Here are the options worth knowing about:
Free:
- Notion — my top pick, especially if you're already using it for this course. Easy to build, easy to update, and you can have something live in under an hour. Grab my free Notion portfolio template to get started.
- Canva — more visually polished but more time-consuming. One heads up: links won't work in LinkedIn DMs due to SSL certificate issues — run the URL through a shortener first if you're sharing it that way.
- Contra — freelance marketplace with a built-in portfolio, great if you also want to find clients there.
- Carrd — super clean one-page site, takes almost no time to set up.
Paid (when you're ready to invest):
- Notion + Super — this is actually what I use for my own site. Turns your Notion portfolio into a real website with a custom domain and cleaner design.
- The Writer's Residence — built specifically for freelancers, affordable and easy.

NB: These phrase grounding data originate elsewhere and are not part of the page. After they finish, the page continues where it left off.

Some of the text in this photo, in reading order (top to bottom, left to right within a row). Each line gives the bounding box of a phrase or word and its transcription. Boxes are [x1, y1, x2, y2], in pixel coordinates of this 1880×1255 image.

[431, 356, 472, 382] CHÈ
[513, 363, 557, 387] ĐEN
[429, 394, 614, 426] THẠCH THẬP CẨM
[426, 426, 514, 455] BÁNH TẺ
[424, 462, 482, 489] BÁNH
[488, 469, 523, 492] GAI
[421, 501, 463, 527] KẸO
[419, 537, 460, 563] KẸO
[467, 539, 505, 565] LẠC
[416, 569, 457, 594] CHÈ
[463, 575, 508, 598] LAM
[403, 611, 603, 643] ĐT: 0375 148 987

- Copyfolio — made for copywriters and content folks, very clean.
- Squarespace or Showit — if you want your portfolio to double as your full website, these are worth it eventually. Not where I'd start.
My actual recommendation: start with Notion. Get something live this week. You can upgrade later when you know more about what you want your site to do.
Do you need a website?
Yes — eventually. But not a fancy one, and not right now if you're still figuring out your niche and services.

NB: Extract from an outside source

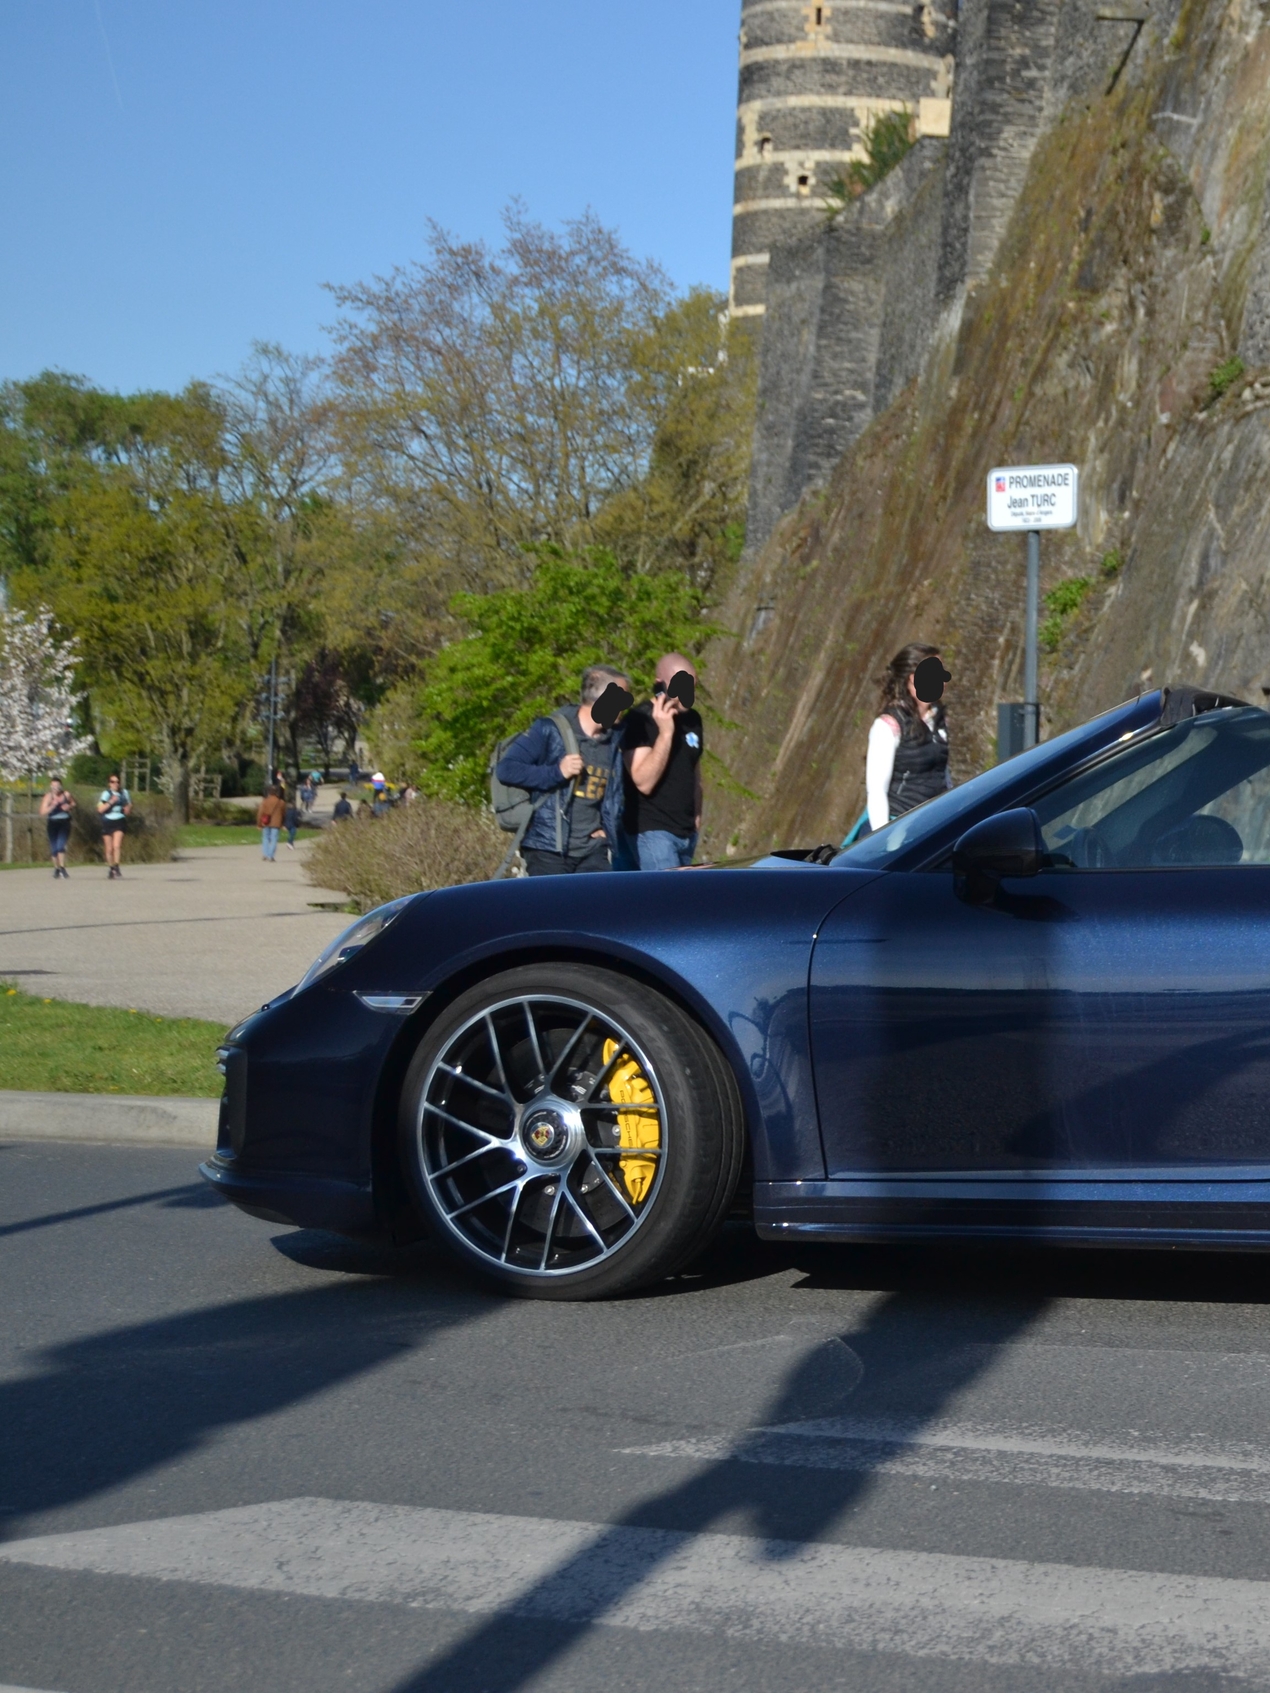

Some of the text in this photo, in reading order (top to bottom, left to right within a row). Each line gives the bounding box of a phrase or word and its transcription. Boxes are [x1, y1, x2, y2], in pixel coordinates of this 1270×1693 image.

[1009, 473, 1070, 489] PROMENADE
[1007, 493, 1056, 509] Jean TURC

Here's my take: spend your first few months getting clients and doing the work. Your website will be completely different in six months once you've actually worked with real clients and know what you want to say. Build something simple now, plan to redo it later.
A one-page Notion site with your services, two to three portfolio pieces, and a way to contact you is more than enough to get your first client.
Frequently asked questions
Can I use work I did at a previous job?
Yes, if it's relevant and not covered by an NDA. Check your contract if you're not sure. If you can use it, treat it like any other portfolio piece — and consider writing a quick case study around it so you can speak to the goals, your process, and the outcome.
What if my best work is under an NDA?
Ask your client if they'd make an exception for portfolio use. A lot of them say yes. If they say no, you can redact identifying details, recreate something similar for a fictional client, or ask for a testimonial instead. Social proof goes a long way when the work itself is off limits.
Can I use AI to help write my portfolio pieces?
Yes — as a thinking partner, not a ghostwriter. Use it to brainstorm angles, unstick yourself when you're staring at a blank page, or pressure-test your outline. But don't post anything straight out of an AI tool without heavily editing it yourself first. AI-generated writing is easy to spot, and your portfolio is supposed to show what you can do.
When should I swap out mock pieces for real work?
As soon as you have real work to replace them with. Make it a habit to update your portfolio after every project you're proud of. By the time you have three to five clients, it should be all real work.
Your action item this week
Open the Portfolio Workbook and work through the planning section:
- Pick your fictional dream client
- Choose two to three portfolio pieces per service
- Schedule time this week (and next) to write them
- Choose your portfolio platform and get the page set up — even if it's empty
Getting the page live now means you'll actually fill it. An empty page beats a perfect plan every time.